Dataset entries
- Opening Delimiter -
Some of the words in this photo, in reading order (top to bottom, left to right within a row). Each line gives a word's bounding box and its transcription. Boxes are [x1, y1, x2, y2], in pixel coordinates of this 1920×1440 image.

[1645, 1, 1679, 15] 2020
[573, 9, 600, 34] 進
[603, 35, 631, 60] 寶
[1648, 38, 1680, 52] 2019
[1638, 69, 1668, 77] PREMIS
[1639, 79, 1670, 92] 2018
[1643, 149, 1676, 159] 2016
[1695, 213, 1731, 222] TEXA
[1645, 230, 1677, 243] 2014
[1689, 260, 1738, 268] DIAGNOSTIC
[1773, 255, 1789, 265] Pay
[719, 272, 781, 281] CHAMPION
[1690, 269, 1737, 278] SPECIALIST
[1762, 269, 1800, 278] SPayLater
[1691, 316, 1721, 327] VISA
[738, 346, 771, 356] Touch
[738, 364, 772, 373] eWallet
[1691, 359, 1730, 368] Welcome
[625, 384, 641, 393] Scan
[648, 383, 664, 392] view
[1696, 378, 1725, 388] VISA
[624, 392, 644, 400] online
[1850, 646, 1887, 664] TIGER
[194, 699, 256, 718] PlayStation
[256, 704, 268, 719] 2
- Closing Delimiter -
TASK TO COMPLETE:
Nothing above should be left out; write out every record exactly.

RESPONSE FOR THIS EXERCISE:
Some of the words in this photo, in reading order (top to bottom, left to right within a row). Each line gives a word's bounding box and its transcription. Boxes are [x1, y1, x2, y2], in pixel coordinates of this 1920×1440 image.

[1645, 1, 1679, 15] 2020
[573, 9, 600, 34] 進
[603, 35, 631, 60] 寶
[1648, 38, 1680, 52] 2019
[1638, 69, 1668, 77] PREMIS
[1639, 79, 1670, 92] 2018
[1643, 149, 1676, 159] 2016
[1695, 213, 1731, 222] TEXA
[1645, 230, 1677, 243] 2014
[1689, 260, 1738, 268] DIAGNOSTIC
[1773, 255, 1789, 265] Pay
[719, 272, 781, 281] CHAMPION
[1690, 269, 1737, 278] SPECIALIST
[1762, 269, 1800, 278] SPayLater
[1691, 316, 1721, 327] VISA
[738, 346, 771, 356] Touch
[738, 364, 772, 373] eWallet
[1691, 359, 1730, 368] Welcome
[625, 384, 641, 393] Scan
[648, 383, 664, 392] view
[1696, 378, 1725, 388] VISA
[624, 392, 644, 400] online
[1850, 646, 1887, 664] TIGER
[194, 699, 256, 718] PlayStation
[256, 704, 268, 719] 2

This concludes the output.